第一章 俺達に奪えない物

第一話 突然の告白

 ――【仲間】って何だ。同じ目的を持って同じ事を成し遂げることが【仲間】ってことなのだろうか。だとしたら、健二は【仲間】じゃない。もう俺達とは違うんだ。なのに何故こんなに寂しいんだ」

 中城 明(なかじょう あきら)は【仲間】について考えていた。先程、健二が突如重大発表をした時からずっとだ。
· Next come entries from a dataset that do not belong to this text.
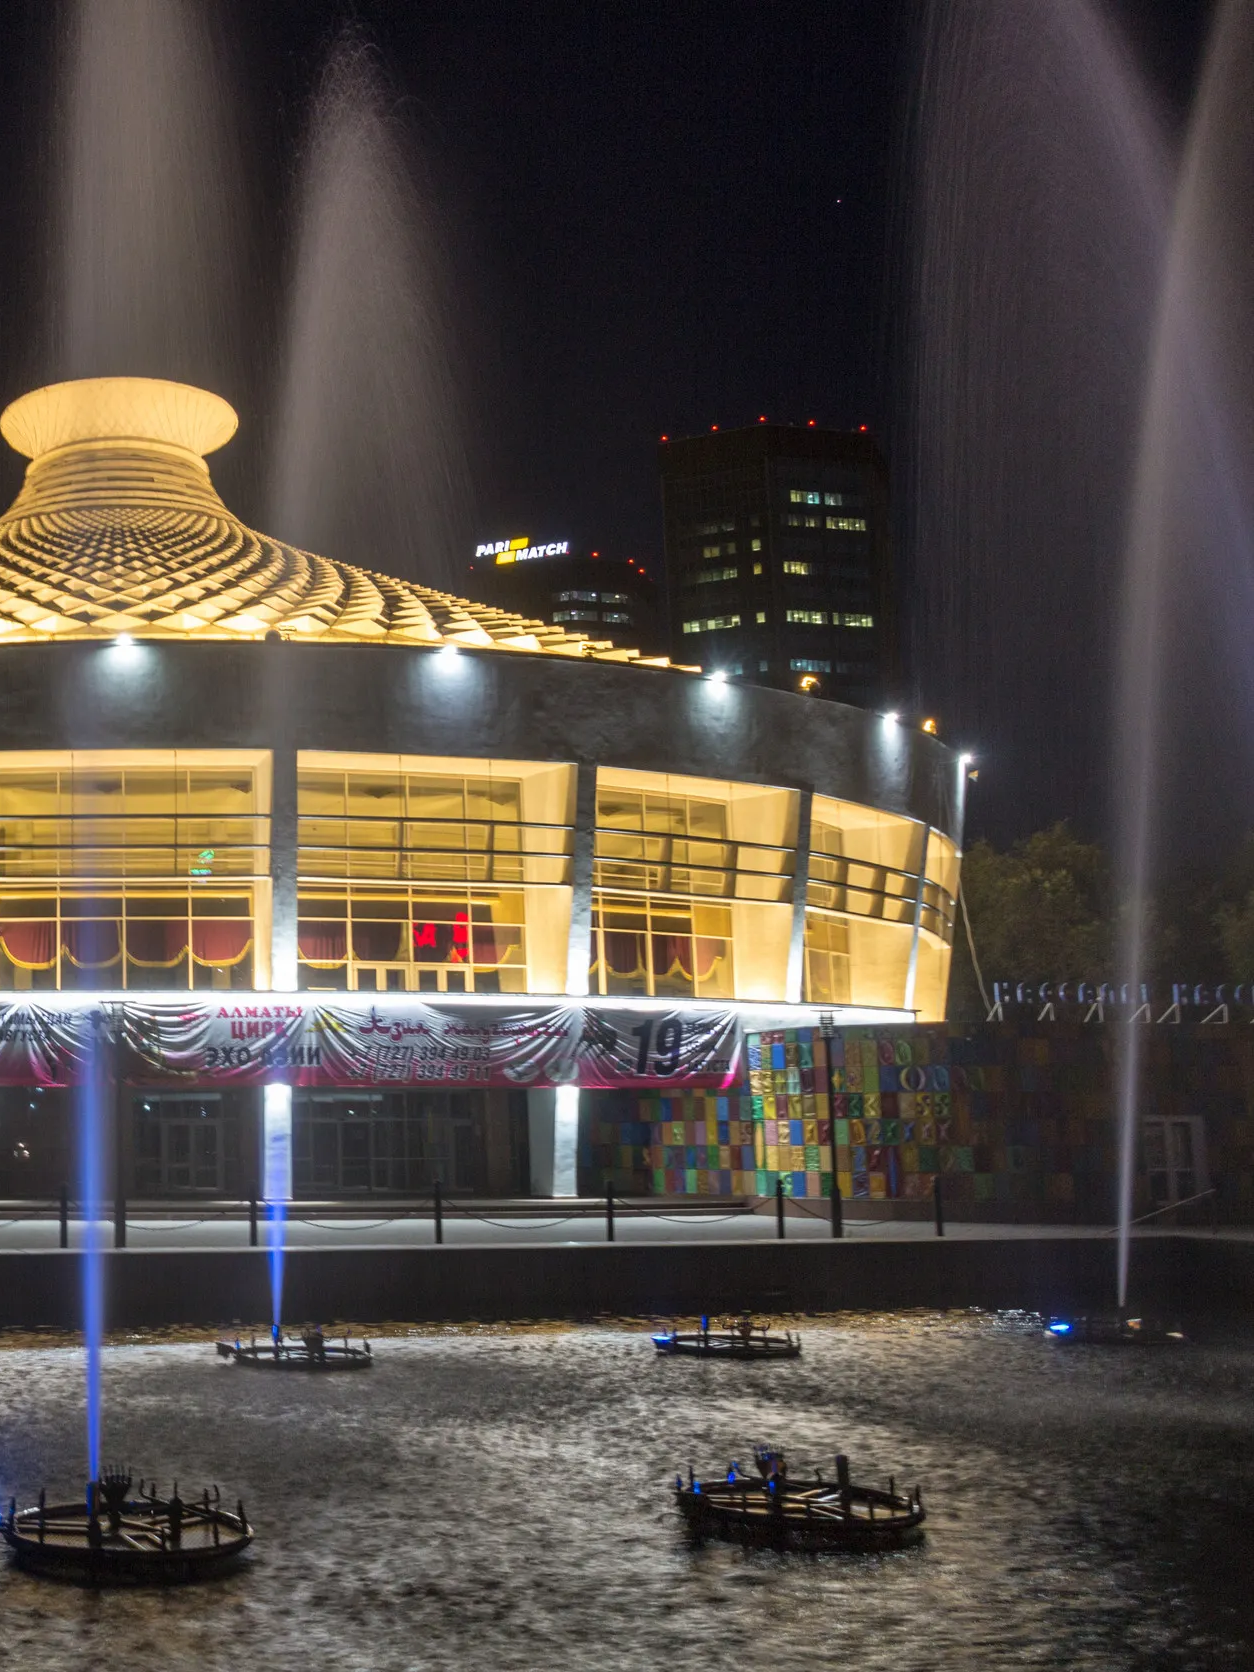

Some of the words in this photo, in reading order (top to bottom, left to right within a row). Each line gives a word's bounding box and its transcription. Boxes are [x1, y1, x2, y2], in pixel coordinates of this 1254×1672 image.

[475, 540, 510, 557] PARI
[515, 541, 568, 561] MATCH
[216, 1006, 303, 1018] АЛМАТЫ
[231, 1021, 286, 1040] ЦИРК
[205, 1046, 251, 1066] ЭХО
[632, 1018, 682, 1075] 19
[473, 1064, 490, 1080] 11
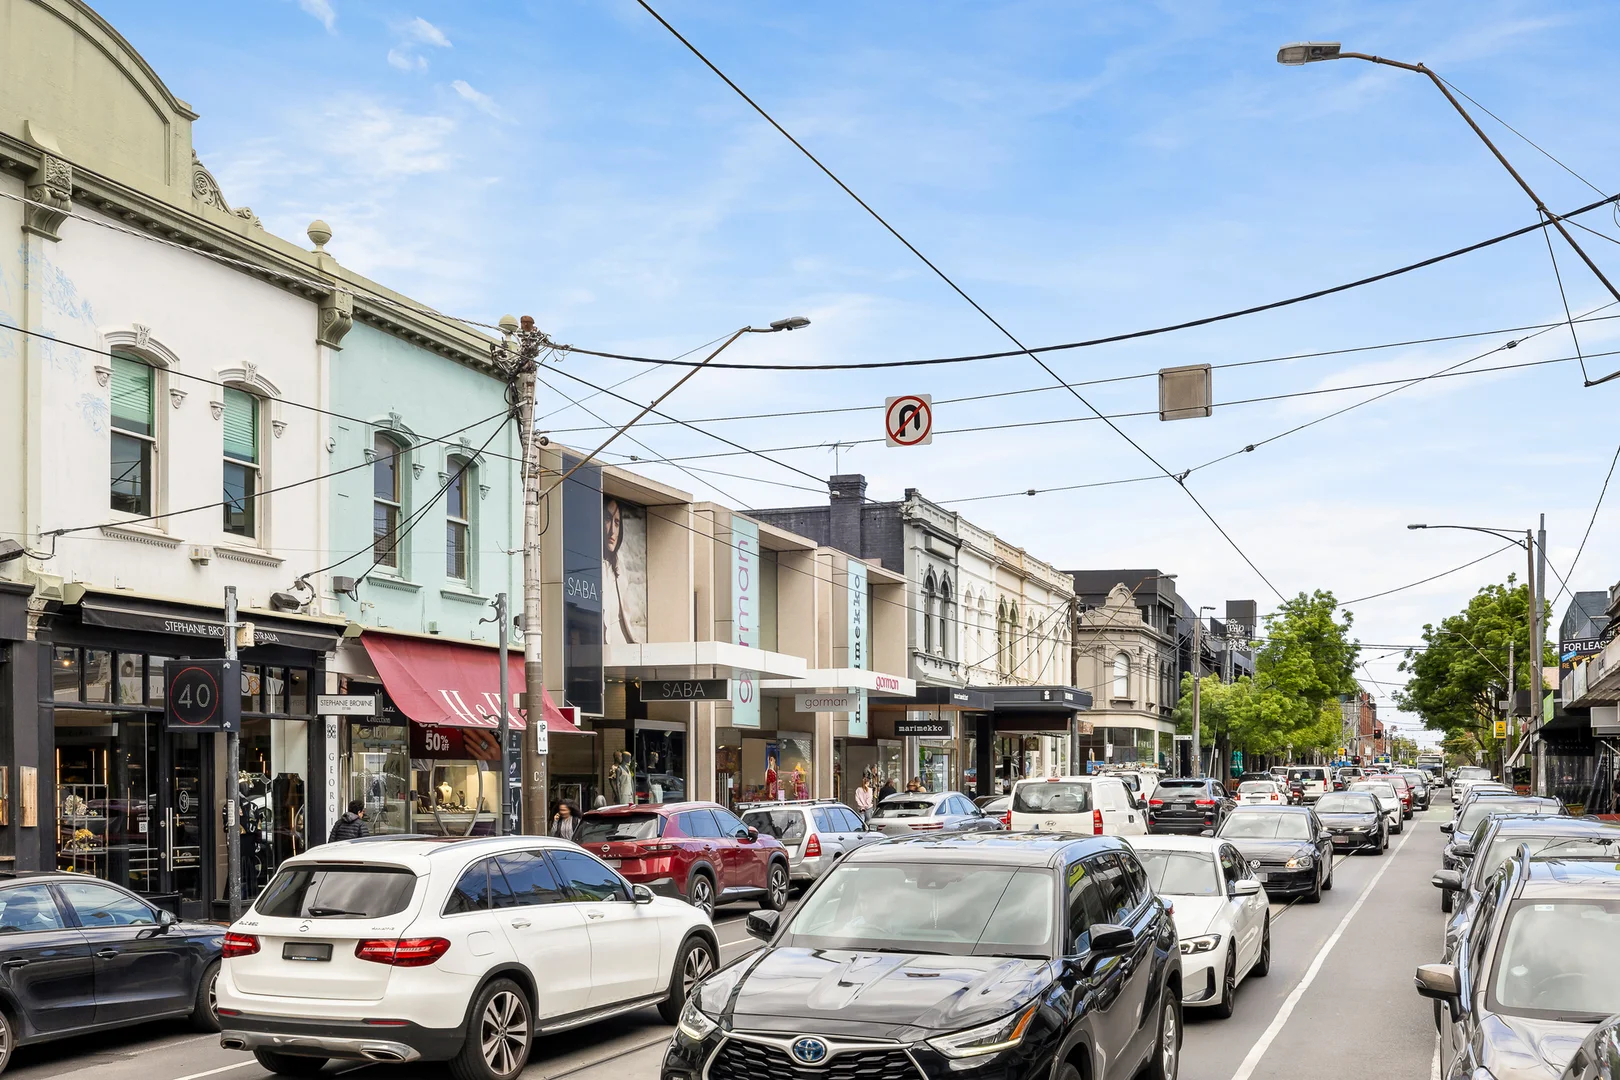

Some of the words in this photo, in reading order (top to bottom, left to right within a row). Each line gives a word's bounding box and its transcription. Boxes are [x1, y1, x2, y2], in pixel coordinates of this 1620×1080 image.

[567, 576, 598, 601] SABA
[165, 620, 208, 635] STEPHANIE
[208, 626, 226, 637] BRO
[738, 539, 753, 704] grman
[1563, 642, 1582, 652] FOR
[662, 682, 706, 698] SABA
[876, 676, 900, 691] gorman
[178, 683, 211, 709] 40
[320, 699, 349, 707] STEPHANIE
[349, 699, 373, 707] BROWNE
[804, 697, 848, 709] gorman
[898, 723, 944, 733] marimekko
[328, 752, 336, 832] GEORGI
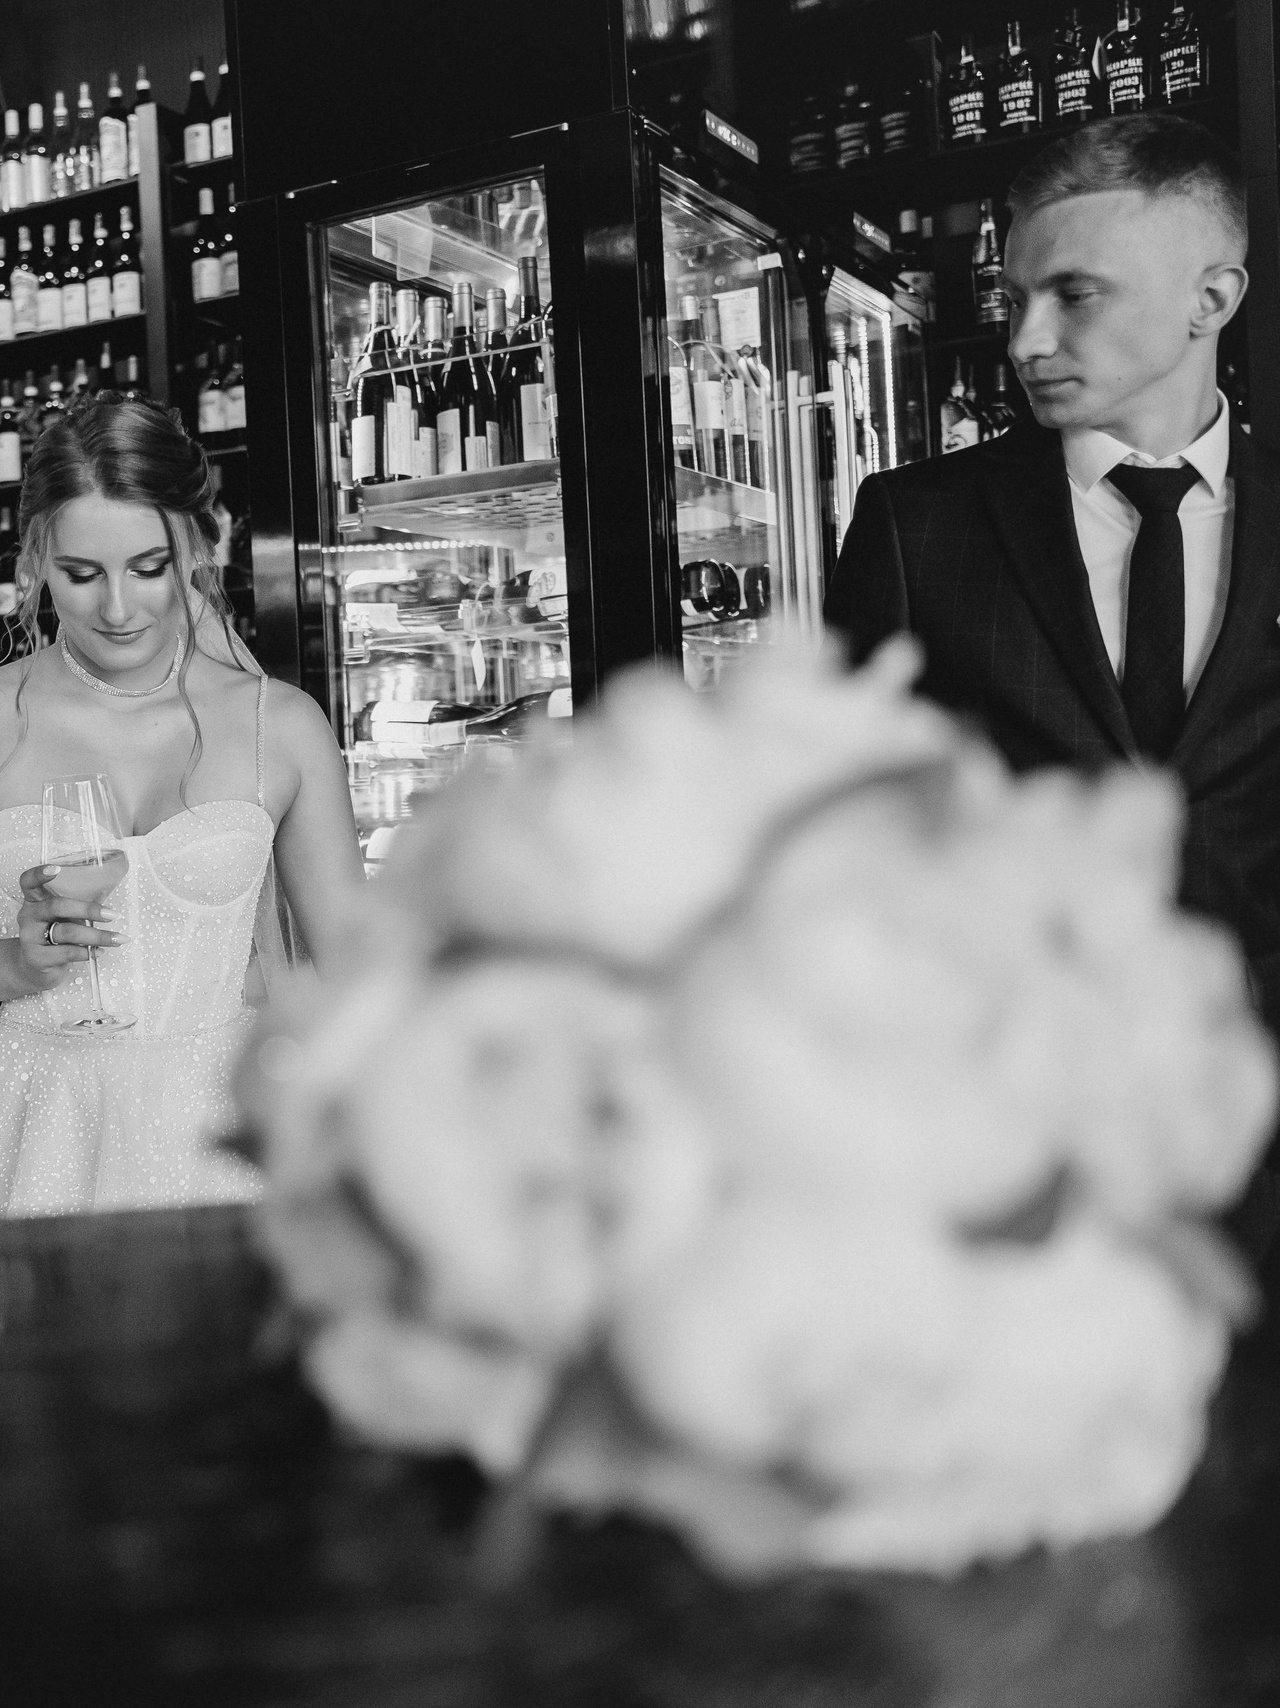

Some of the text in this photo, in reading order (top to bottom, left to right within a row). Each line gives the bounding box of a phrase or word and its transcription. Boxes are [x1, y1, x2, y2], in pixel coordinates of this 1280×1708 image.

[1160, 45, 1197, 62] KOPKE
[1106, 57, 1143, 72] KOPKE
[1171, 59, 1184, 70] 20
[1054, 69, 1090, 83] KOPKE
[1110, 75, 1139, 90] 2003
[998, 80, 1033, 95] KOPKE
[1058, 86, 1086, 100] 2003
[949, 91, 984, 106] KOPKE
[1003, 98, 1031, 112] 1987
 九月二十日、都営美術館から絵画を奪ったこの日の夜、明が運転するグレーの逃走用ハッチバックが四百五二号線を駆け抜ける中、助手席に座る滝川 健二(たきがわ けんじ)が言った。

「僕、この仕事を最後にするよ。子供が出来たんだ」

「はぁー」

 明は今年一番の大声を出した。バックミラーを見れば、深山 正太(ふかやま しょうた)と坂井 港(さかい みなと)は眉を八の字にして驚きの表情を浮かべている。

「どういうことだよ」

 明は健二を問い質した。

「あのさ。前にチャット友達でいい感じになっている女の子がいるっていったじゃん。半年前からその子と付き合ってたんだよね。そしたら、妊娠が分かって……」

 必死に答える健二の額は大粒の汗で濡れていた。

「健二、付き合っていたことなんて、ワイには初耳やぞ」

 正太の野太い声が後ろから響いた。それは正に明が言おうとしていたことだった。

「そうやで。水臭いな、健ちゃん。健ちゃんに初めて彼女が出来たんやったら、うちらで祝いでもしたのにさ」

 港が後ろから手を伸ばして、健二の肩を揉んでいる。

「そ、それが嫌だったんだよ。港君。僕にとったら初めての彼女じゃん。上手くいくかもまだ分からないもの。君たちにパーティなんか開かれたのに、振られたなんてことになったら、僕は恥ずかしくて嫌なんだ」

 健二はずれ落ちた丸縁のメガネを元の位置に戻しながら言った。

「健二。それで子供が出来たからって、俺達との仕事は辞めるのかよ。元はと言えば健二が言ったことじゃないか」

 その時、明は昔の事を思い出して健二に怒ってしまった。


 ――大学の同じゼミで知り合った四人は就職活動で希望の企業から内定をもらうことが出来なかった。第五志望の企業で働く事になった明は卒業式の日に健二たち四人を自分の家に集めて飲み会を開いた。近くのコンビニで買った大量のビール缶を空にしながら、四人は大学時代の思い出を話し合った。他愛ない話題をうだうだと気の合う仲間達で話合うその時間は、明にとっては就職活動で傷んだ心が癒えていく時間だった。その飲み会の終盤に

「僕たちで天下を取ってみようよ。例えば、僕のハッキング技術で」

 と引っ込み事案の健二が言ったのだ。誰と話す時もオドオドした印象があるパソコンオタクの健二が珍しく強気の発言をした。明にはそれが面白くて、他の二人にも

「いい提案じゃないか」

 と言った。

「はは、健ちゃんと明が言うなら」

「そうだな。お前達と一緒ならば、面白いかもな」

 二人ともそう言って、この提案に乗った。そこからだ、四人で度々集まっては犯行を繰り返していたのは。


 ――「とりあえず、この話は『ディケンズ』に帰ってからにしようよ」

 港がそう言うため、明は話をそこまでにした。アクセルを強く踏み、真昼のように照らす明かりの中をハイスピードで走り抜け、いつもの溜まり場へと急ぐことにした。